**Data shown:**
---

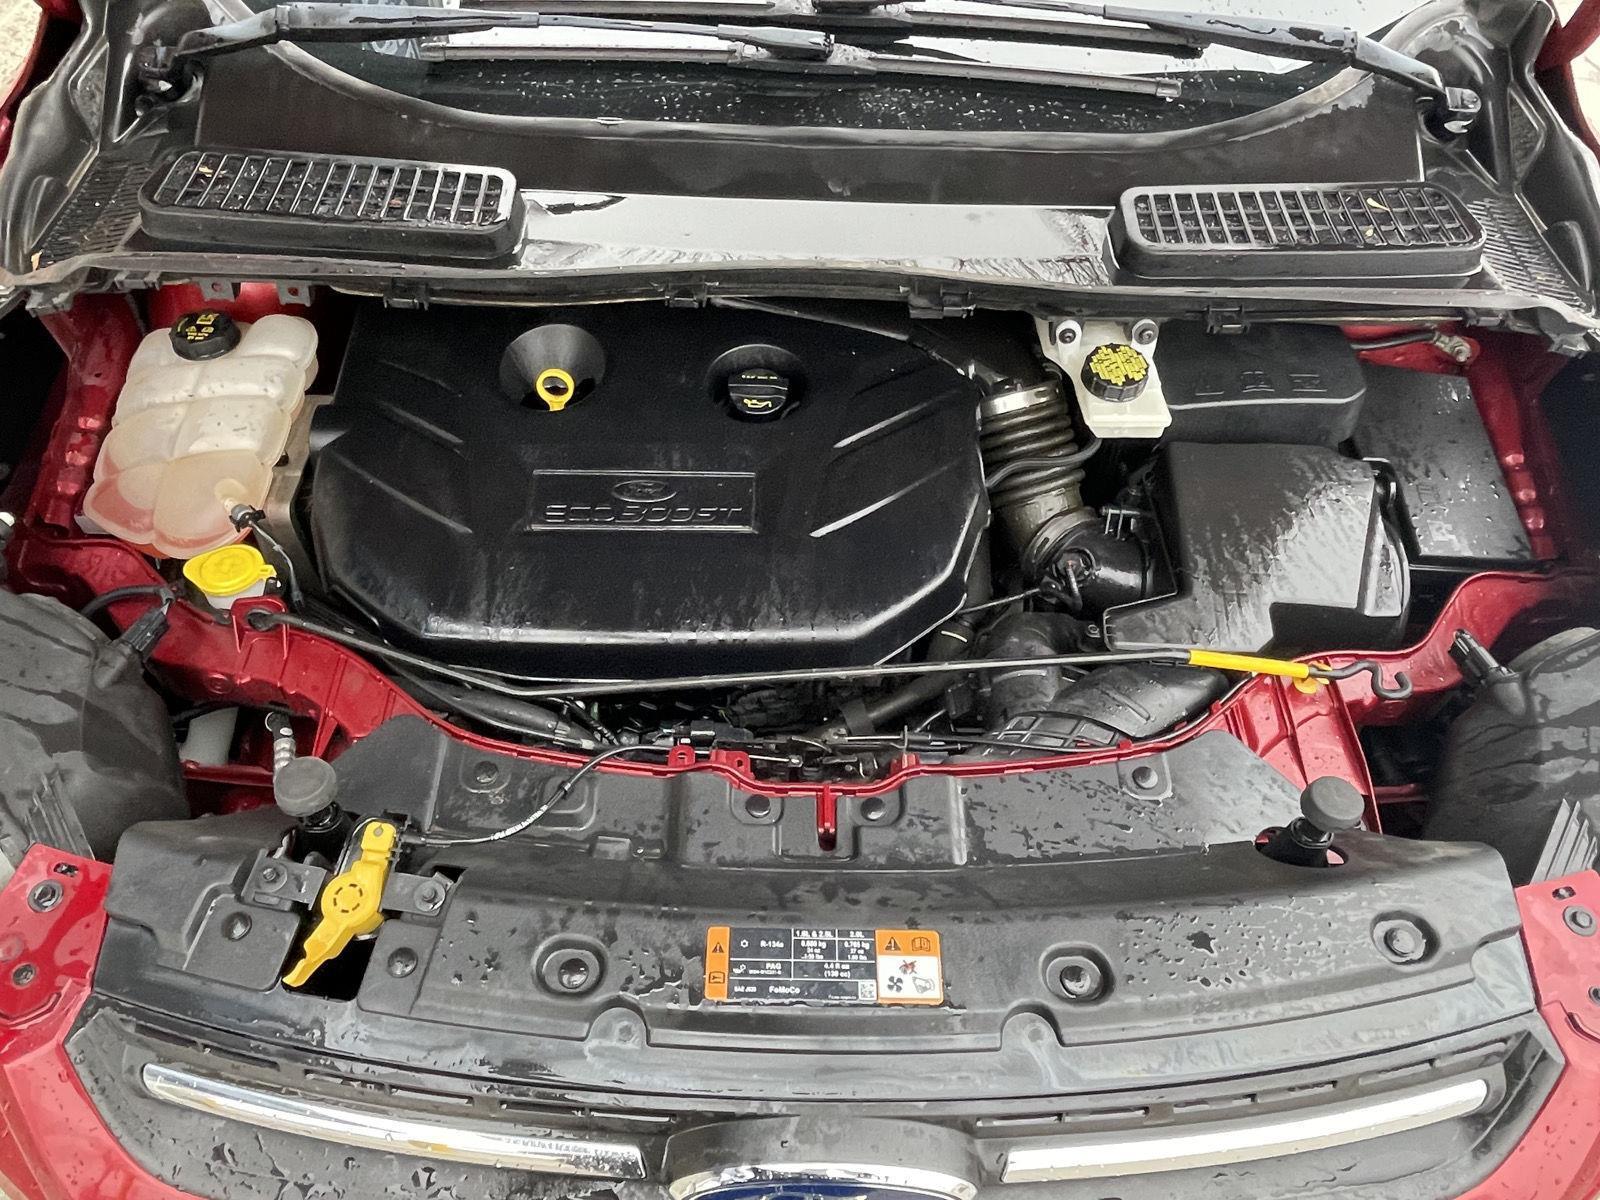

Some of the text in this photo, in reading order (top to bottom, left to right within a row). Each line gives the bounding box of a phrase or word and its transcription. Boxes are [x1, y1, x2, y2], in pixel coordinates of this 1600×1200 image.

[760, 940, 784, 948] R-134a
[765, 962, 782, 970] PAG
[769, 985, 801, 994] FoMoCo
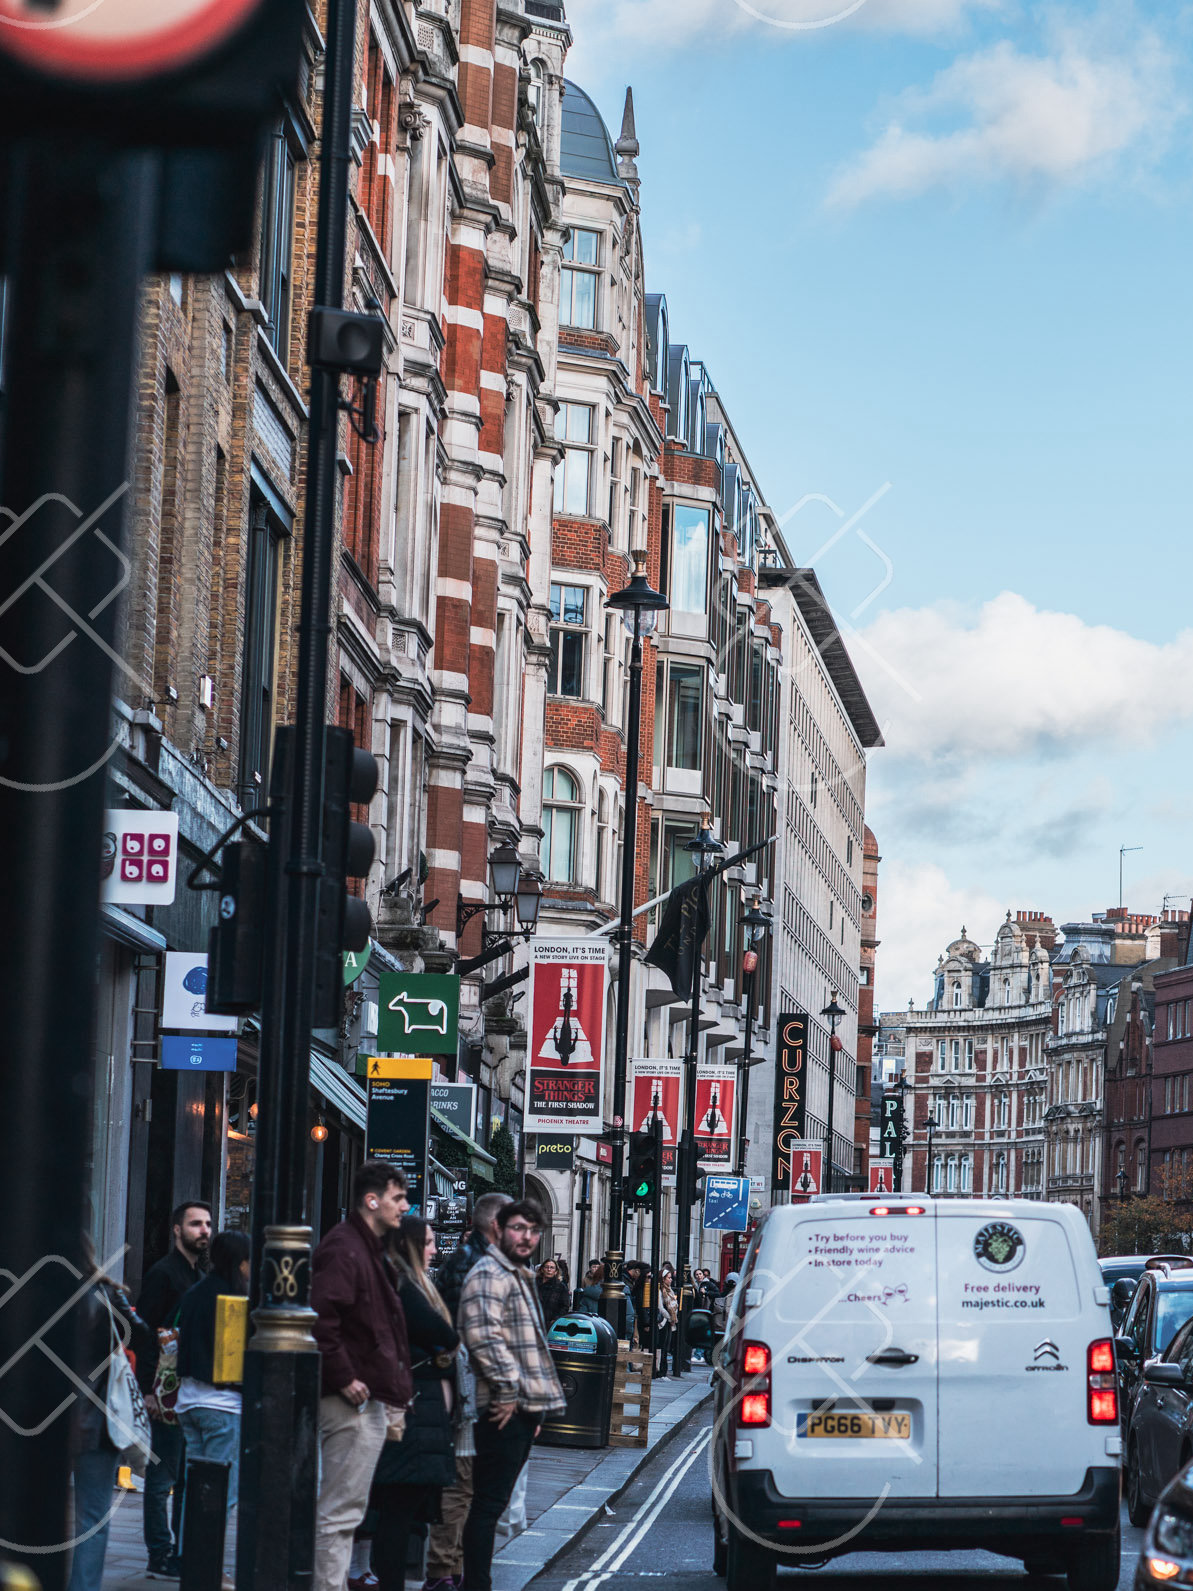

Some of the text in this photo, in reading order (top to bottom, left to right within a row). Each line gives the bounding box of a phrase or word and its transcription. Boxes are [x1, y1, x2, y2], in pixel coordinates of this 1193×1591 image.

[534, 946, 570, 954] LONDON,
[371, 1087, 408, 1095] Shaftesbury
[534, 1079, 595, 1093] STRANGER
[431, 1088, 449, 1097] ACCO
[544, 1091, 585, 1101] THINGS
[431, 1101, 458, 1110] RINKS
[538, 1144, 572, 1154] preto
[814, 1232, 909, 1244] Try before you buy
[975, 1223, 1021, 1254] MAJESTIC
[814, 1245, 915, 1256] Friendly wine advice
[814, 1259, 824, 1267] In
[855, 1257, 883, 1267] today
[964, 1282, 1041, 1295] Free delivery
[962, 1298, 1045, 1310] majestic.co.uk
[810, 1416, 906, 1434] PG66 TVY
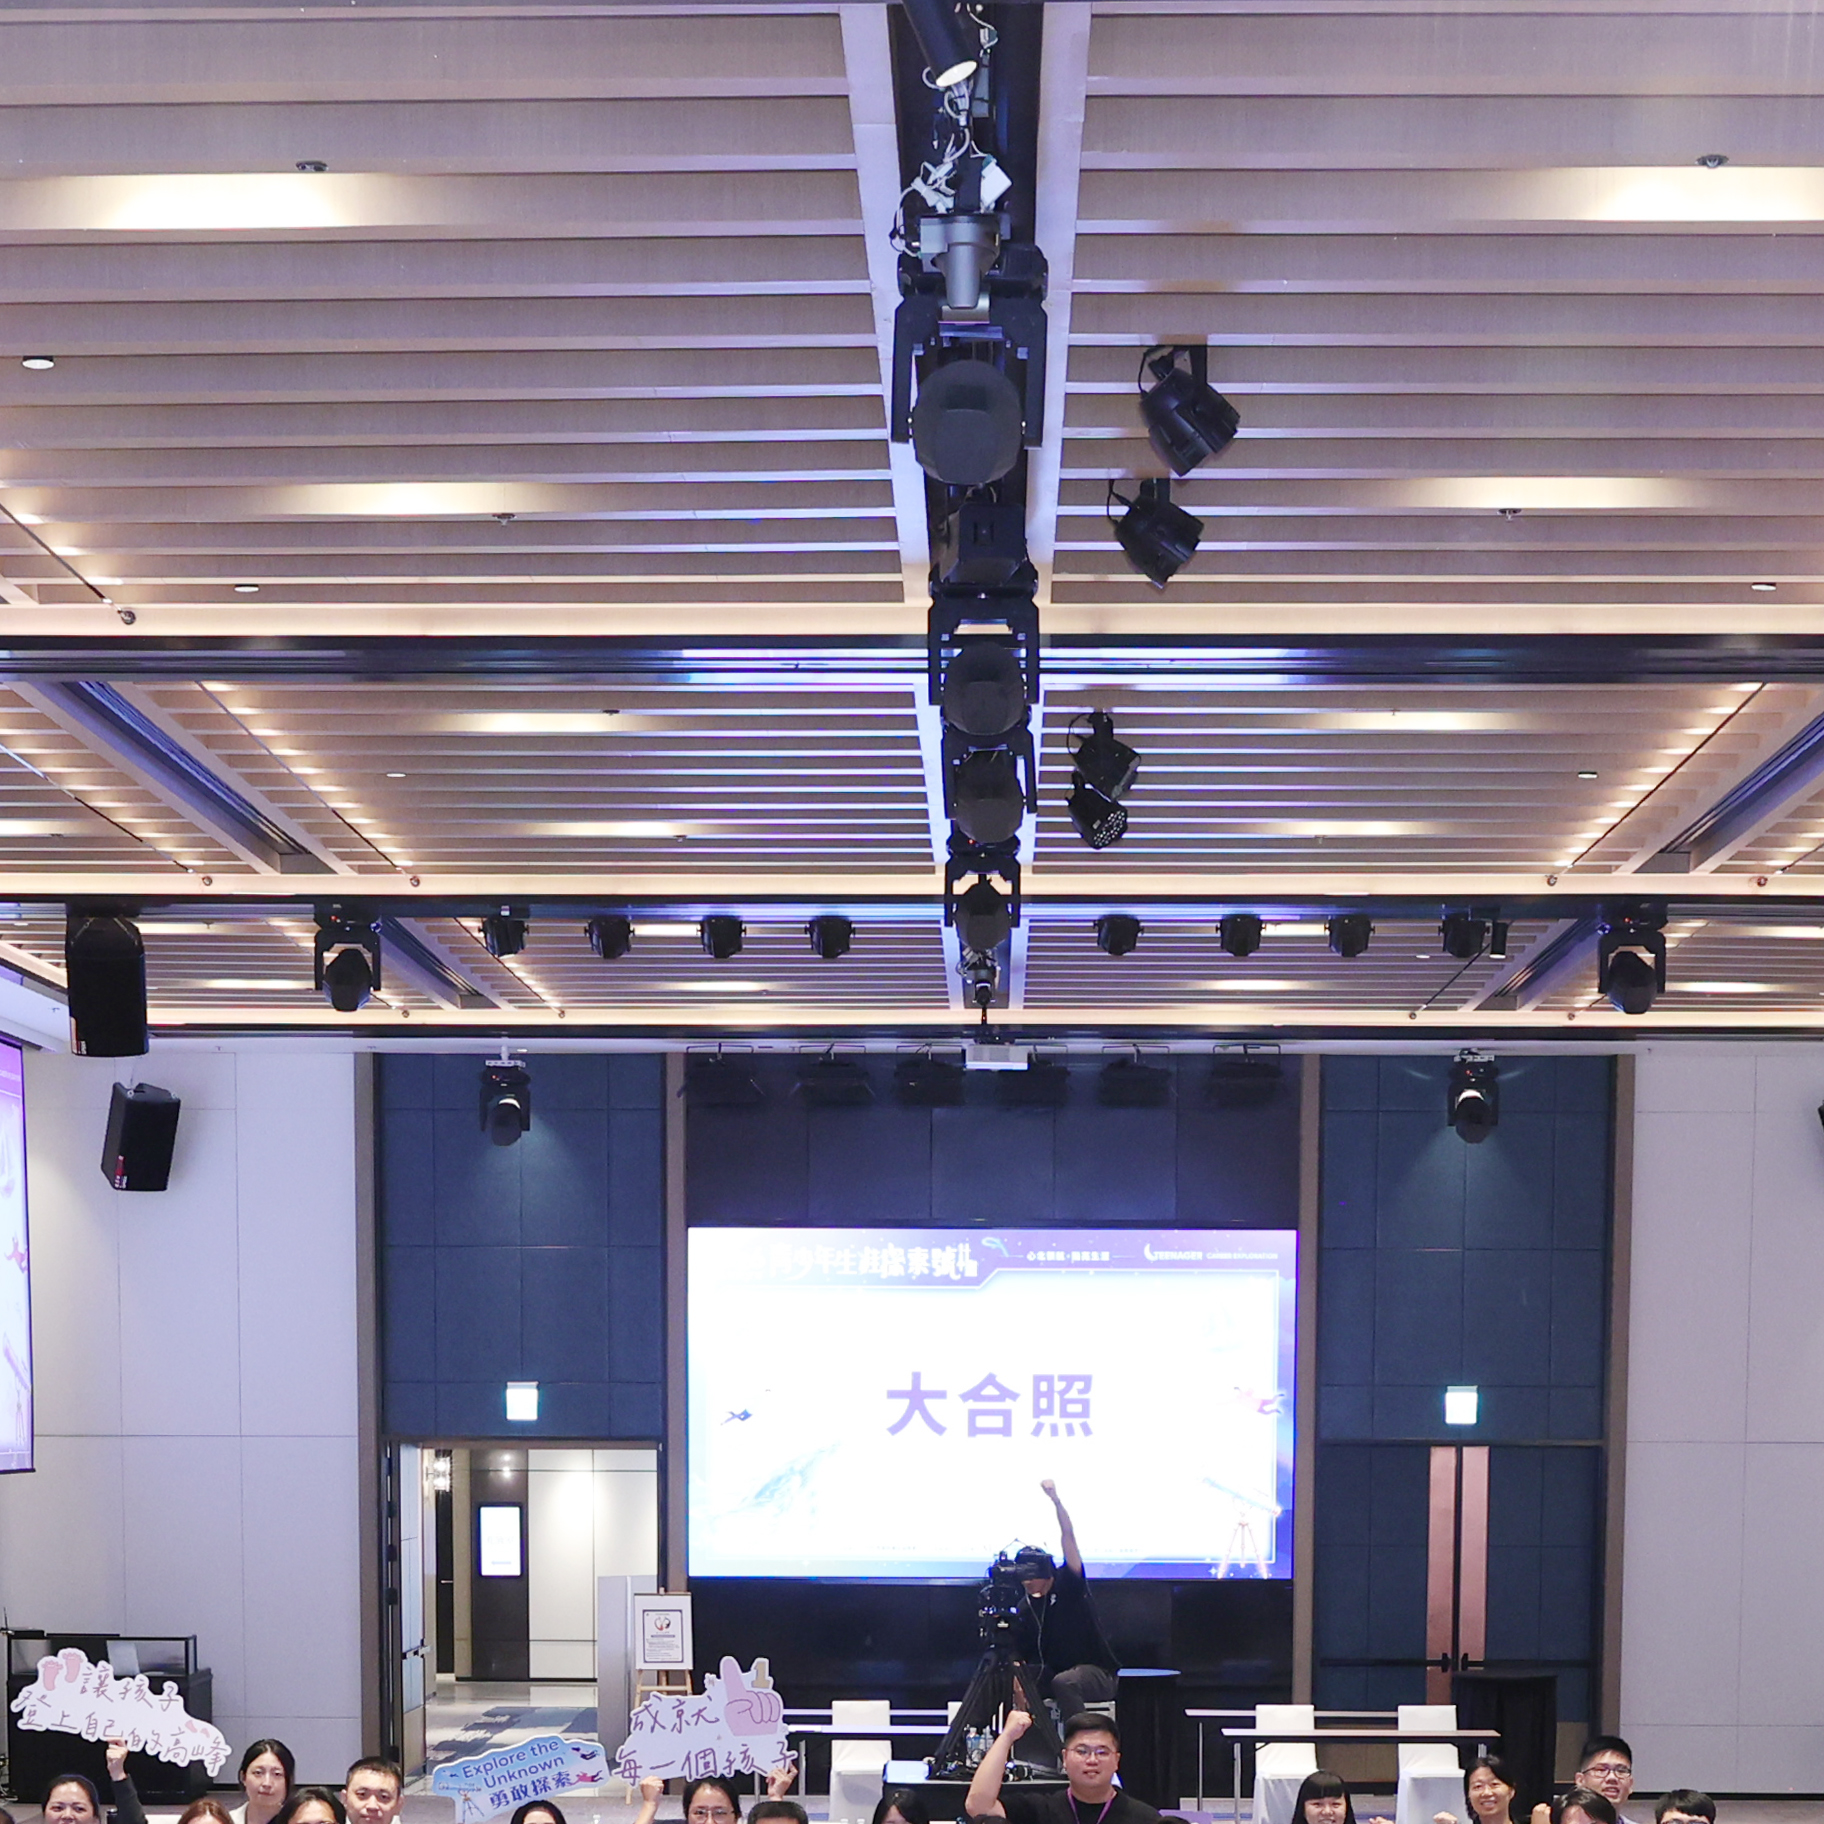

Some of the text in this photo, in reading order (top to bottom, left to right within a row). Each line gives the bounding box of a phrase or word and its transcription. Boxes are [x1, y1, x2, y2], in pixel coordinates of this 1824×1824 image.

---

**Activity:** The entries are to be reproduced exactly, excluding any pictures they contain.

**Reply to the task:**
Some of the text in this photo, in reading order (top to bottom, left to right within a row). Each line gives the bounding box of a phrase or word and its transcription. Boxes are [x1, y1, x2, y2], in pixel coordinates of this 1600×1200 image.

[760, 940, 784, 948] R-134a
[765, 962, 782, 970] PAG
[769, 985, 801, 994] FoMoCo

Some of the text in this photo, in reading order (top to bottom, left to right within a row). Each line gives the bounding box of a phrase or word and its transcription. Boxes are [x1, y1, x2, y2], in pixel coordinates of this 1193×1591 image.

[534, 946, 570, 954] LONDON,
[371, 1087, 408, 1095] Shaftesbury
[534, 1079, 595, 1093] STRANGER
[431, 1088, 449, 1097] ACCO
[544, 1091, 585, 1101] THINGS
[431, 1101, 458, 1110] RINKS
[538, 1144, 572, 1154] preto
[814, 1232, 909, 1244] Try before you buy
[975, 1223, 1021, 1254] MAJESTIC
[814, 1245, 915, 1256] Friendly wine advice
[814, 1259, 824, 1267] In
[855, 1257, 883, 1267] today
[964, 1282, 1041, 1295] Free delivery
[962, 1298, 1045, 1310] majestic.co.uk
[810, 1416, 906, 1434] PG66 TVY

Some of the text in this photo, in reading order (top to bottom, left to right within a row). Each line gives the bounding box of a phrase or word and its transcription. Boxes are [x1, y1, x2, y2], in pixel coordinates of this 1824×1824 image.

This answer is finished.